Einspeisevergütungen gelten grundsätzlich als steuerpflichtiges Einkommen. Je nach Kanton wird das Netto- oder Bruttoprinzip angewendet. Investitionskosten können teilweise steuerlich abgesetzt werden. Steuerberater und Experten wie 42technology können Sie im Detail beraten.

Kann ich die Einspeisevergütung mit Förderprogrammen kombinieren?

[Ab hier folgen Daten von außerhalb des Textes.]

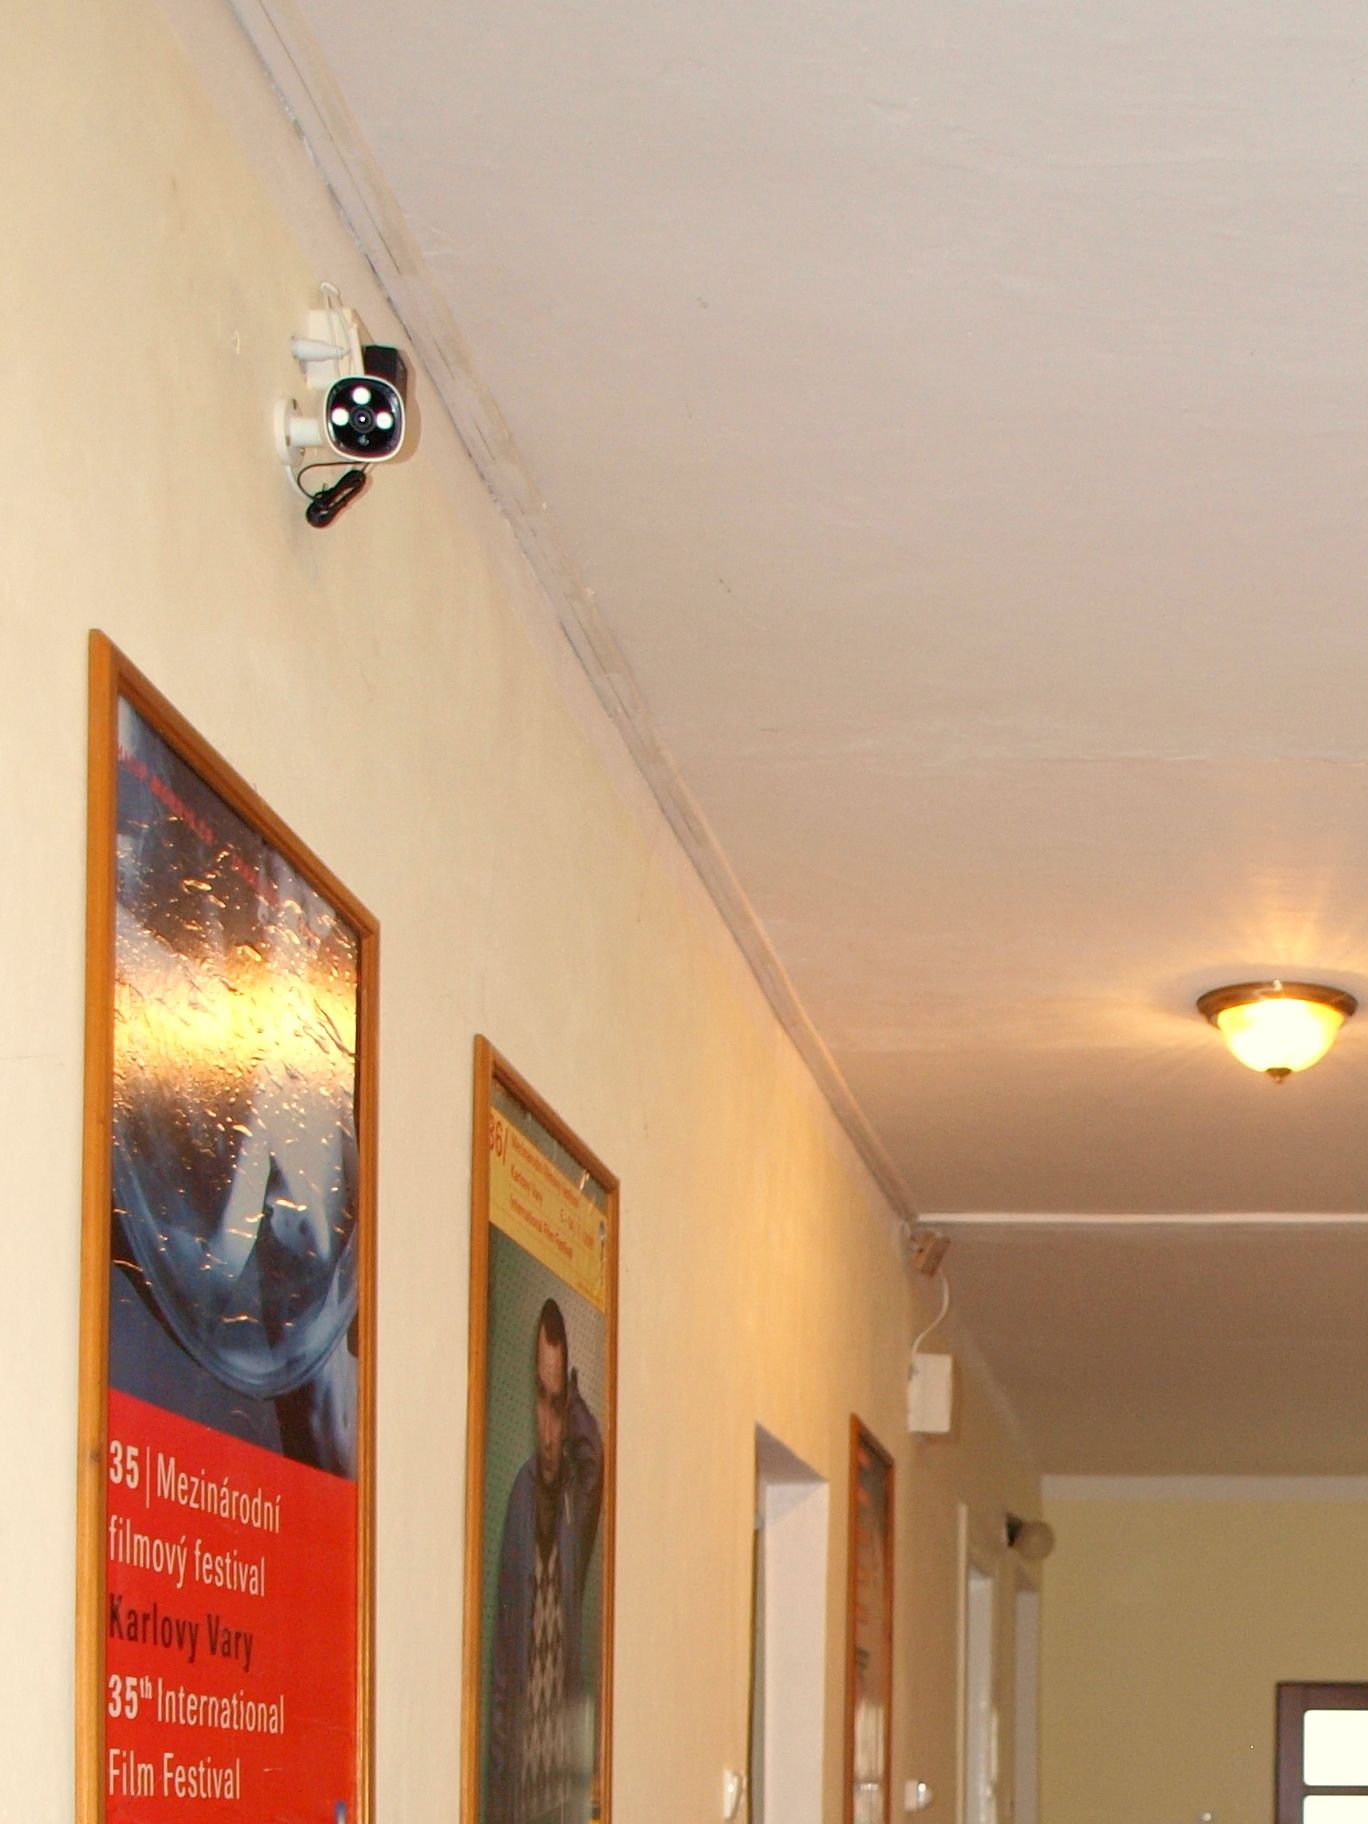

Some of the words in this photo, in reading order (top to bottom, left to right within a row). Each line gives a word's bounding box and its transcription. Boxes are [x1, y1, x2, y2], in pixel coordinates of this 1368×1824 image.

[109, 1440, 139, 1489] 35
[157, 1452, 281, 1533] Mezinárodní
[109, 1515, 187, 1589] filmový
[194, 1539, 265, 1597] festival
[109, 1594, 199, 1664] Karlovy
[206, 1613, 253, 1673] Vary
[157, 1677, 285, 1734] International
[109, 1749, 154, 1796] Film
[163, 1752, 240, 1800] Festival

Ja. Viele Kantone und Gemeinden bieten zusätzliche Förderungen oder zinsgünstige Darlehen an. Weitere Informationen finden Sie beispielsweise auf der Website des Bundesamtes für Energie.

Was ist die Pronovo AG?

Die Pronovo AG verwaltet die Einspeisevergütung und Herkunftsnachweise (HKN) für die erneuerbaren Energien in der Schweiz. Sie ist die zentrale Anlaufstelle für Betreiber von PV-Anlagen und sorgt dafür, dass diese die festgelegten Vergütungssätze erhalten. Ausserdem unterstützt die Pronovo AG die Betreiber bei allen relevanten administrativen Prozessen.

Lohnt sich eine PV-Anlage trotz sinkender Vergütung?

Ja – insbesondere durch steigende Strompreise und die Optimierung des Eigenverbrauchs. Auch sinkende Installationskosten erhöhen die Rentabilität.

Warum variieren die Tarife je nach Kanton oder Anbieter?

Regionale Netzbetreiber legen ihre Tarife individuell fest. Faktoren wie lokale Nachfrage, Netzausbau und Förderpolitik beeinflussen die Vergütung.

Welche Vorteile bieten dynamische Tarife?

Sie fördern den Eigenverbrauch, entlasten Netze und verbessern die Integration erneuerbarer Energien. Sie sind jedoch volatiler in der Vergütung. Bei hohen Marktpreisen profitieren die Betreiber einer PV-Anlage, tragen aber auch das Risiko bei niedrigen Marktpreisen.